Negatives: The Bears were unable or unwilling to work out a contract extension with Robinson, which left them at risk of losing -- minus compensation -- one of their most important players. It was a serious distraction for the first month of the season.

Miller continues to be a puzzle, demonstrating excellent hands and quickness, but he became somewhat of an afterthought as Mooney emerged. He continued to struggle with maturity, concentration and focus.

Why Ridley can't get on the field is puzzling. In his rare opportunities he made a few plays and looked like a threat to be a No. 2 or No. 3.

Miller's and Wims' performances and decisions in the two Saints games had a serious impact on the Bears' chances to win them. Those ejections could cost both players their jobs this offseason.

                                                                                                                                                                                                                       
 

Defining moments: Two that stick our are the decision to draft Mooney in the fifth round, and the decision not to cut Wims after the first Saints game or mete out any additional punishment to him beyond the league mandated two-game suspension.

Miller's mistakes are his own, but would he have made the same mistake in the wild-card game had Wims not been given a pass?

Contract status: Obviously the Bears most serious contract issue -- other than being projected to be several million dollars over the cap before they sign anyone -- is that Robinson is now a free agent.

If Miller is still a Bear in 2021, it will be the final year of his contract.

Hub's grade: B. There is no denying the quality or impact of Robinson's and Mooney's seasons. Even accepting the limitations of the Bears offense at quarterback and on the offensive line, it is hard to understand why Mitch Trubisky and Nick Foles weren't able to do more with those two on the field.

It is impossible to grade this group any higher because most of the time those top two got little or no help.

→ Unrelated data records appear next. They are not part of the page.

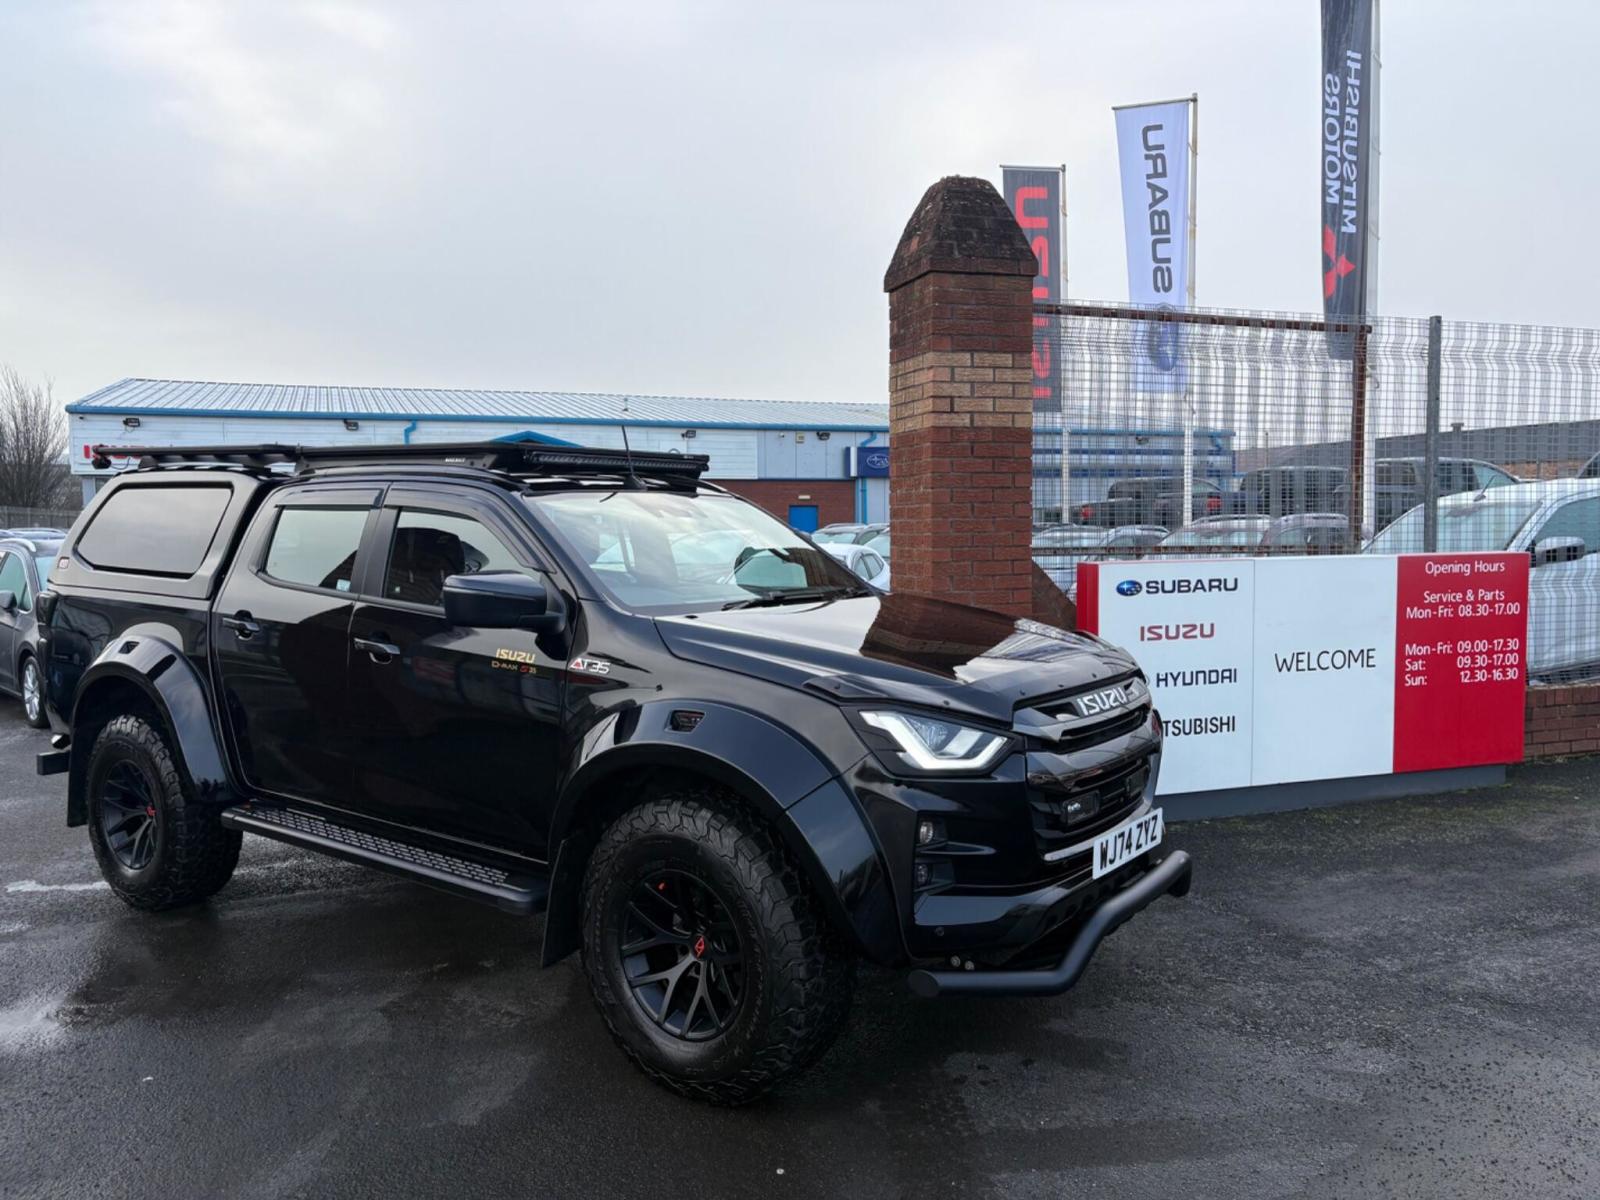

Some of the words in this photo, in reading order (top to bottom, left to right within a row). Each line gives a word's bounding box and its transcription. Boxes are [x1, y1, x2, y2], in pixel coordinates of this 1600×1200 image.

[1425, 560, 1471, 576] Opening
[1474, 560, 1506, 573] Hours
[1145, 577, 1239, 595] SUBARU
[1423, 589, 1463, 604] Service
[1466, 588, 1475, 602] &
[1478, 588, 1506, 602] Parts
[1458, 602, 1520, 617] 08.30-17.00
[1139, 623, 1215, 642] ISUZU
[1456, 638, 1519, 654] 09.00-17.30
[495, 647, 536, 664] ISUZU
[1274, 647, 1377, 673] WELCOME
[1405, 658, 1427, 671] Sat:
[1456, 653, 1519, 668] 09.30-17.00
[568, 657, 611, 674] AT35
[1156, 668, 1238, 688] HYUNDAI
[1404, 673, 1428, 687] Sun:
[1459, 667, 1519, 683] 12.30-16.30
[1077, 686, 1127, 716] ISUZU
[1162, 715, 1236, 738] TSUBISHI
[1099, 831, 1132, 870] WJ74
[1135, 814, 1158, 850] ZYZ
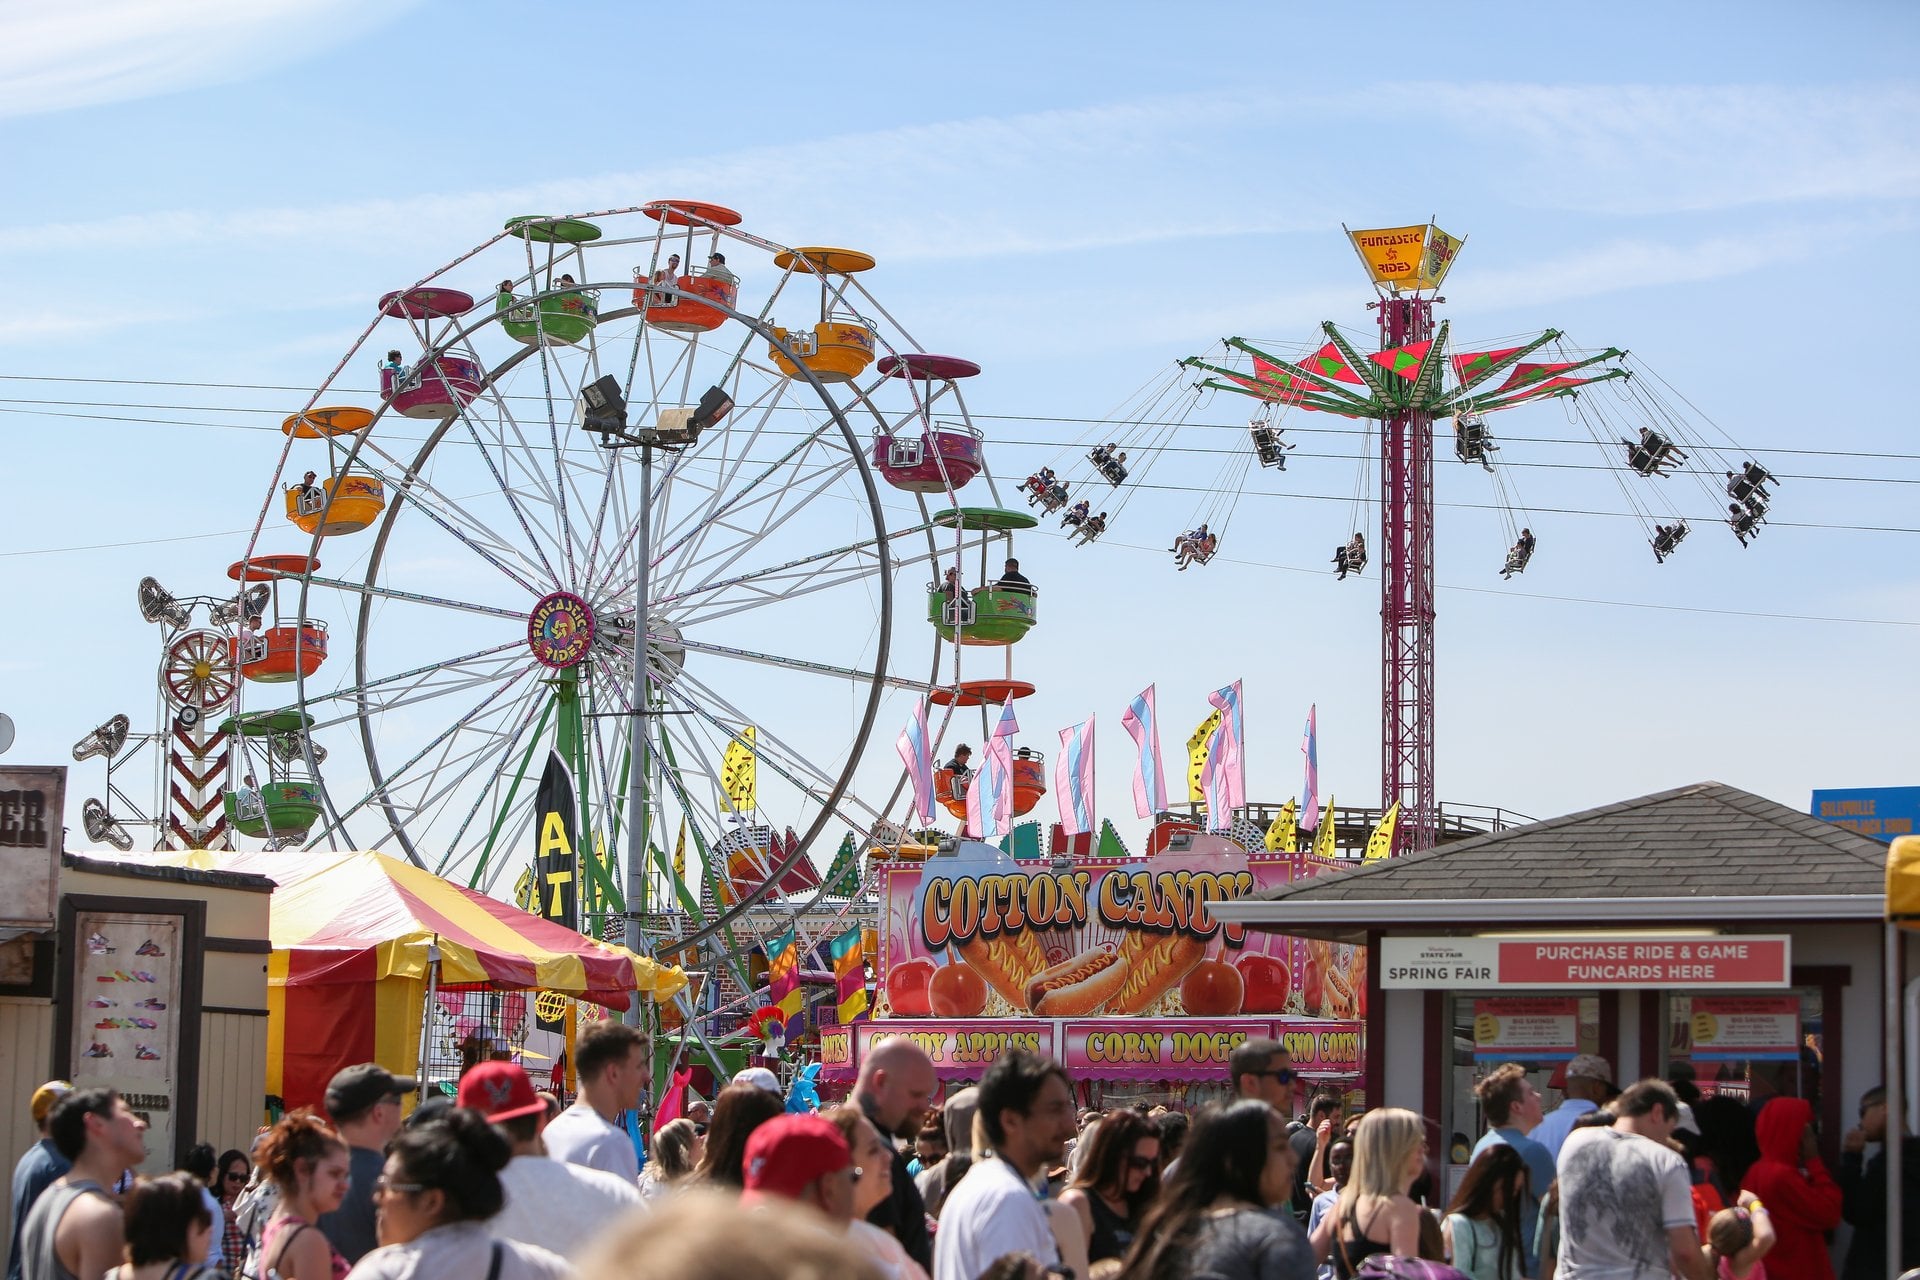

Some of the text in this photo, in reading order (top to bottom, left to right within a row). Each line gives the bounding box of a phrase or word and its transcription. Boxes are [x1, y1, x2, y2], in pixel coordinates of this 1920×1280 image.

[1378, 262, 1411, 274] RIDES
[922, 871, 1254, 951] COTTON CANDY
[1535, 945, 1748, 960] PURCHASE RIDE & GAME
[1389, 967, 1491, 980] SPRING FAIR
[1567, 965, 1715, 979] FUNCARDS HERE
[869, 1032, 1040, 1062] CDY APPLES
[1086, 1032, 1163, 1063] CORN
[1283, 1032, 1316, 1063] SNO

Hub's plan: Ryan Pace has to find a way to re-sign Robinson. No. 1 receivers don't grow on trees and usually require a first-round pick or, minimally, a No. 2. Those are picks the Bears need to address greater (or equal if they lose Robinson) needs at left tackle, quarterback and safety.

Matt Nagy needs to retool his offense to take greater advantage of Mooney's elite speed, and I would invest one more year in trying to get Miller to grow up because he does have some special traits.

If the Bears don't retain Robinson, the best available player in the first round will probably be a wideout and the Bears will have to take one.

Robinson is the top receiver in free agency. If they lose him, Sammy Watkins, Corey Davis, JuJu Smith-Schuster and Will Fuller are all worth a look.